MTG Players Hit by Amazon Fulfilment Errors: Why Your LGS Is Worth It
MTG players ordering new set products from Amazon have run into a string of fulfilment problems in recent weeks, from incorrectly advertised release dates to receiving the wrong product entirely. While each issue has a mundane explanation on its own, the pattern is worth flagging for anyone about to click "add to basket" on an upcoming release.
What's Been Going Wrong
Three separate incidents surfaced on the MTG subreddit in quick succession, all involving Amazon orders around the Hobbit and Secrets of Strixhaven releases.
First, Amazon was spotted advertising the Hobbit set with an incorrect release date, causing confusion for players who set their purchase around what they believed was the official street date. Amazon product listings are populated and updated by third-party sellers as well as Amazon's own retail arm, and release dates are not always verified against Wizards of the Coast's official schedule. If you ordered based on that listing, you would have had the wrong expectation from the start.
Second, one player received significantly more product than they ordered — a "weird package" that contained items they never purchased. This type of error, known as an overship, can cause headaches around returns and stock reconciliation, and while it sounds like a pleasant surprise, it creates a genuine administrative inconvenience if you are trying to budget carefully around a new release.
Third, and most frustrating, a player who specifically ordered Strixhaven Commander decks received the wrong product entirely. Wrong decks, wrong set. That is not a minor issue for someone who pre-ordered a specific product. Getting a refund sorted through Amazon's returns process is workable, but it costs time and it costs the experience of having your product on release day.

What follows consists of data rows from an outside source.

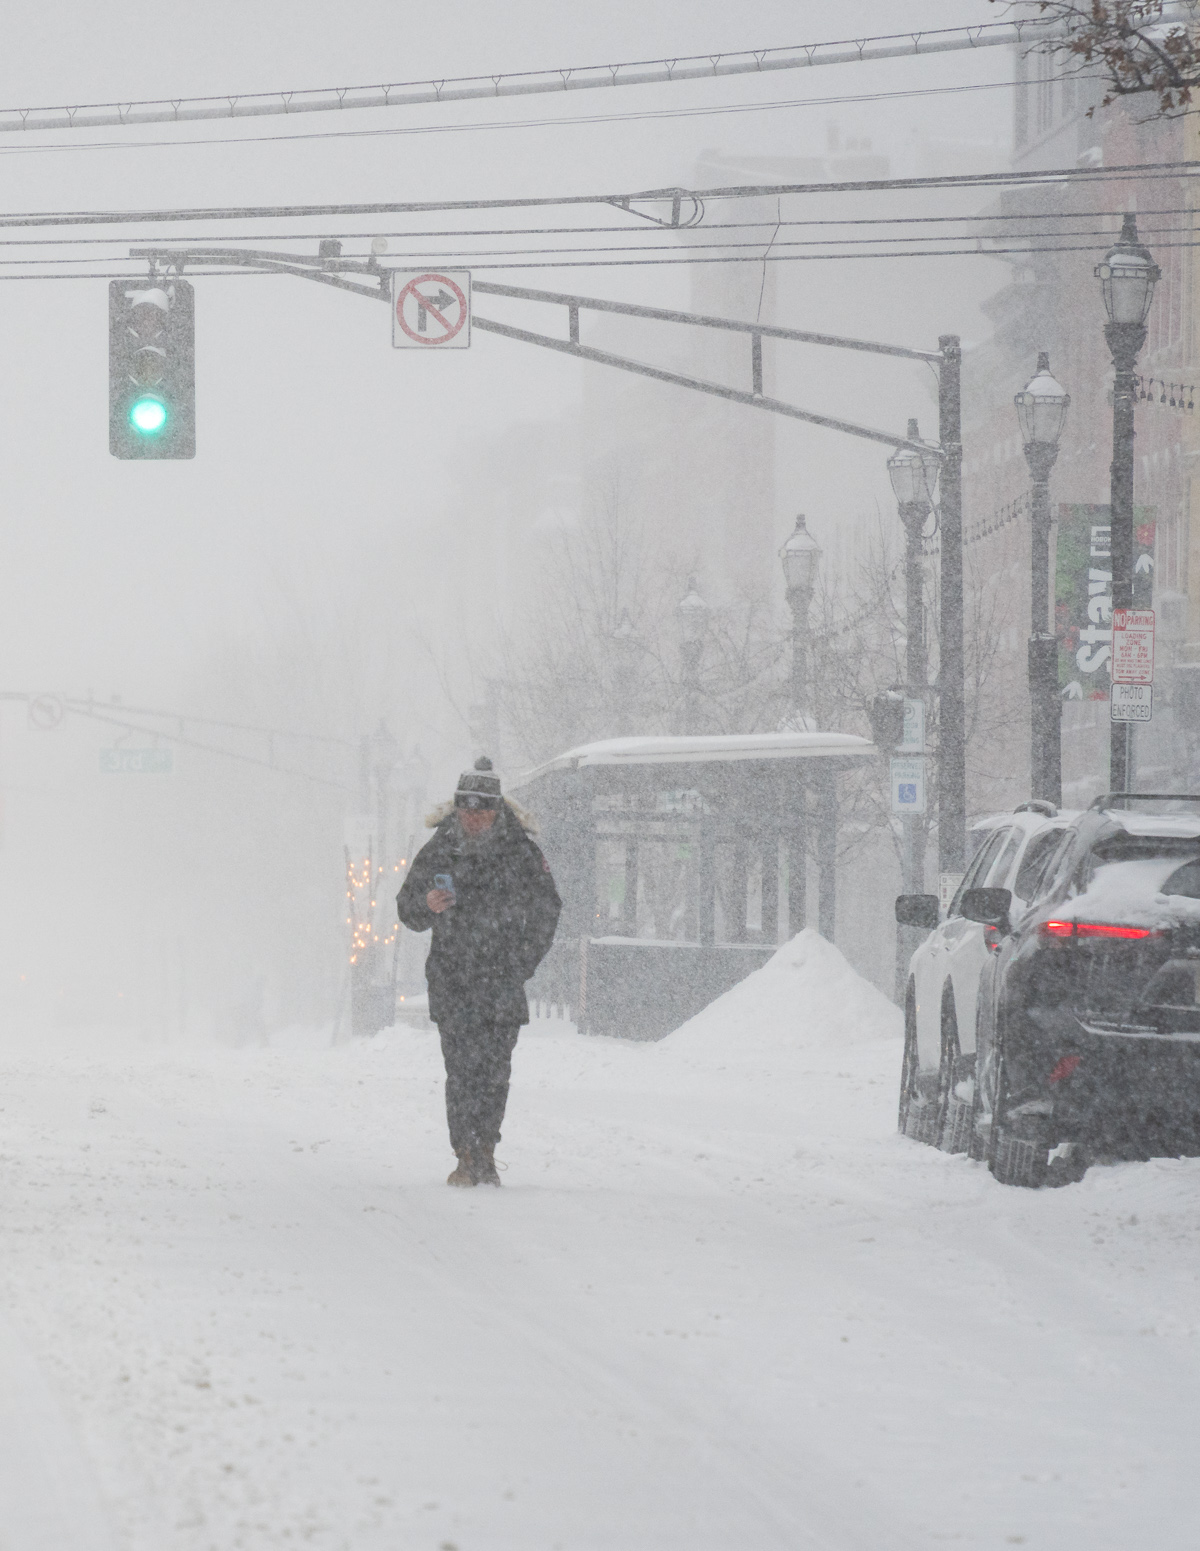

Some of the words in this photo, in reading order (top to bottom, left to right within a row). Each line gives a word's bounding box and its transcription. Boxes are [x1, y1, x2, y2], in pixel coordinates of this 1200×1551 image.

[1114, 612, 1126, 627] NO
[1126, 615, 1154, 625] PARKING
[1120, 686, 1143, 699] PHOTO
[1113, 704, 1149, 718] ENFORCED
[108, 752, 143, 770] 3rd

None of this is unique to Magic. Large online retailers handle enormous volumes of product, and MTG releases — with their multiple SKUs, Commander decks, Collector Boosters, and Set Boosters all releasing simultaneously — are more complex to fulfil than a single-item product. Errors are going to happen.
Why Your Local Game Store Is Worth It
The answer to all three of those problems is the same: your local game store knows exactly what they ordered, when it is arriving, and what you asked for.

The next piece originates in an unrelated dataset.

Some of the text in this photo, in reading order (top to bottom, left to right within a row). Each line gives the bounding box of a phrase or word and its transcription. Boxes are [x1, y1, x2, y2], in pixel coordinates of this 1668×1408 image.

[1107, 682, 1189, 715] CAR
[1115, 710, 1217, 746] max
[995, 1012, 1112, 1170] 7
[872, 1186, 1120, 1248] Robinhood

Pre-ordering through your LGS means a human being is handling your specific request. They know the correct release date because their distributor has confirmed it. They are not shipping five hundred orders from a warehouse. If something goes wrong, you are talking to someone who cares whether you come back next week.
Beyond fulfilment reliability, LGS pre-orders often come with perks that Amazon simply cannot offer: launch event access, release-day drafts, the ability to trade sealed product on the spot, and the kind of advice that helps you decide whether a Collector Booster box is actually right for your collecting goals.

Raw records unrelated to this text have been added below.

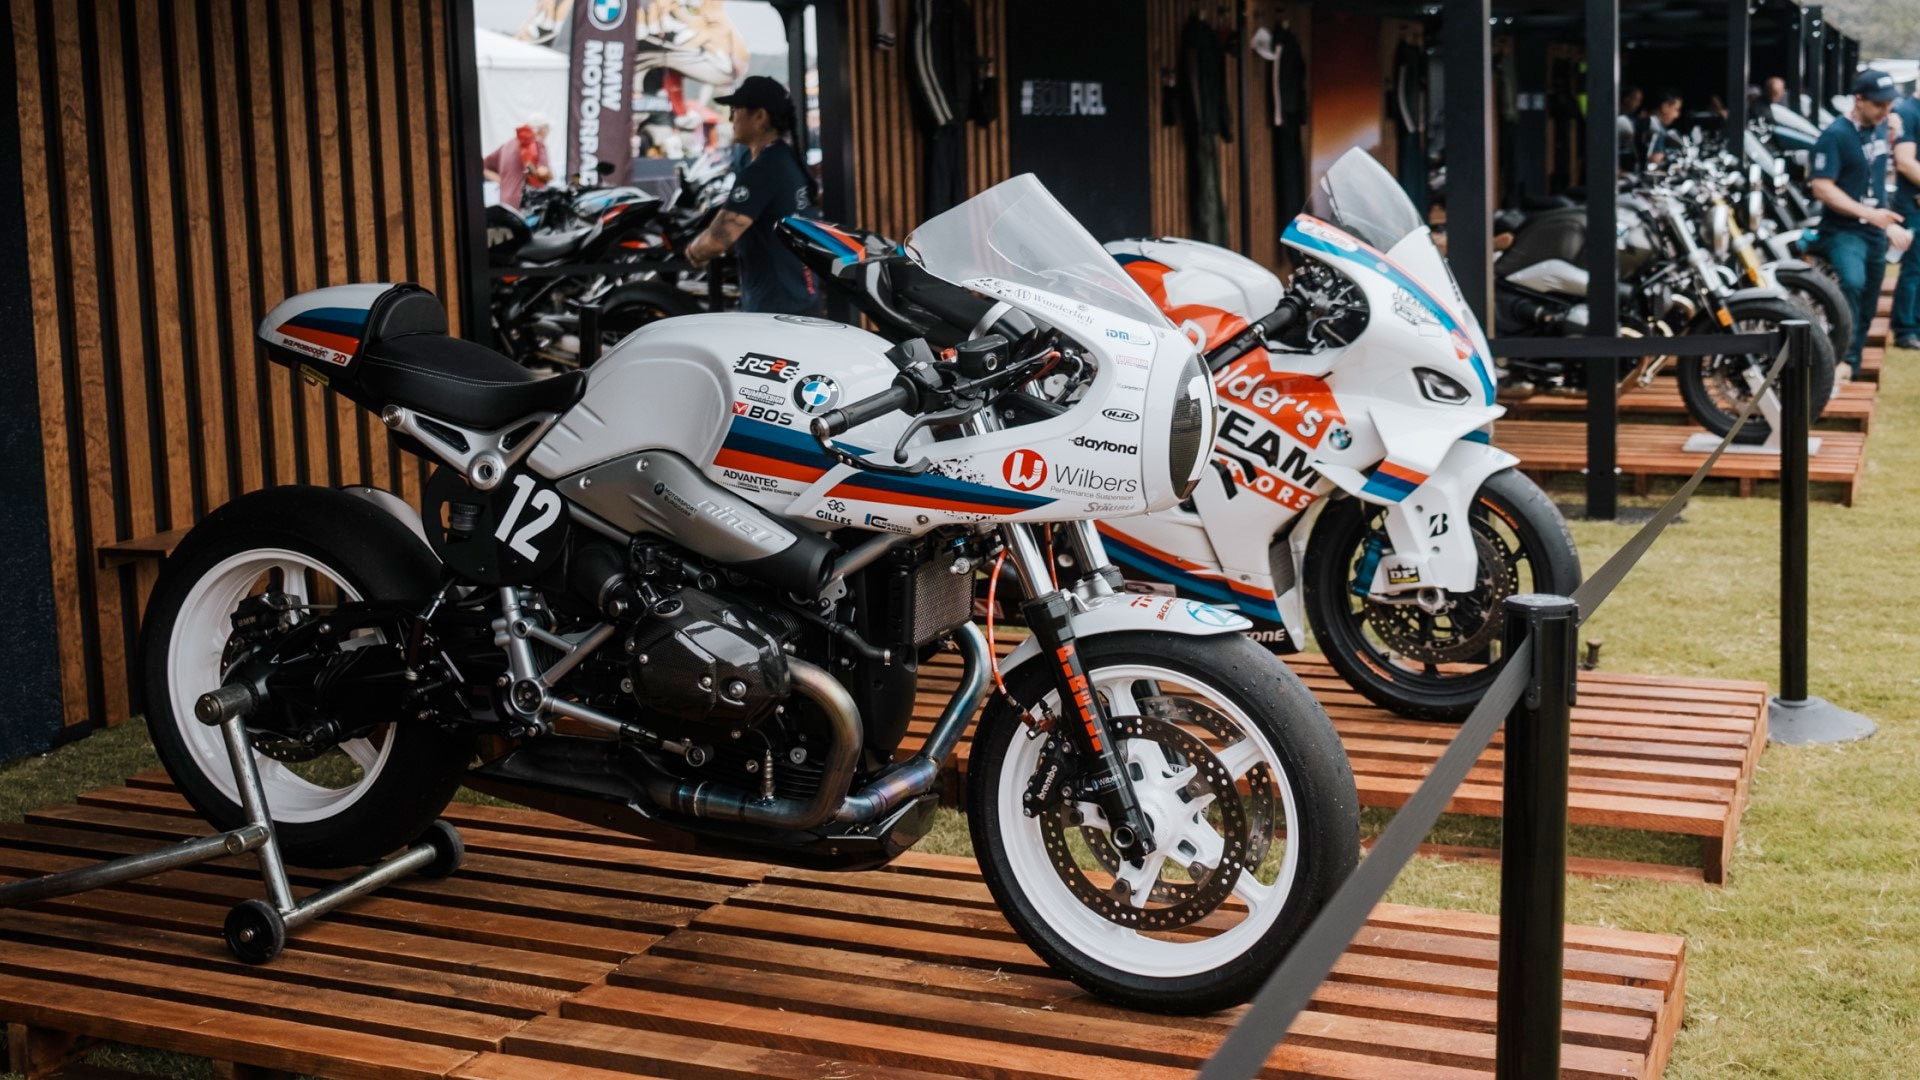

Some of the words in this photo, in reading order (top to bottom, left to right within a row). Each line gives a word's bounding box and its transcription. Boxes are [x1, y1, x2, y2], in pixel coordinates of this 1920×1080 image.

[601, 41, 624, 112] BMW
[1034, 294, 1093, 325] Wunderlich
[332, 352, 347, 365] 2D
[749, 405, 795, 426] BOS
[1107, 410, 1134, 420] HJC
[1073, 436, 1138, 455] daytona
[723, 469, 778, 489] ADVANTEC
[738, 481, 760, 490] ORIGINAL
[1055, 464, 1138, 493] Wilbers
[664, 487, 698, 514] MOTORSPORT
[1050, 485, 1095, 499] Performance
[1095, 492, 1134, 501] Suspension
[494, 474, 562, 563] 12
[816, 509, 852, 526] GILLES
[1036, 764, 1058, 801] brembo

Amazon's convenience is real, and the price point is sometimes hard to argue with. But when a new set is launching and you want the right product in your hands on the right day, the extra mile to your local store is usually worth the journey.
Personal Note
Magic is a community game. The LGS is where most players discovered it, and it is where the competitive and casual scenes stay healthy. If these recent Amazon incidents push even a handful of players back through their store's door, that is a genuinely good outcome for the hobby.
To find a Wizards-listed store near you, use the store locator on the official MTG website.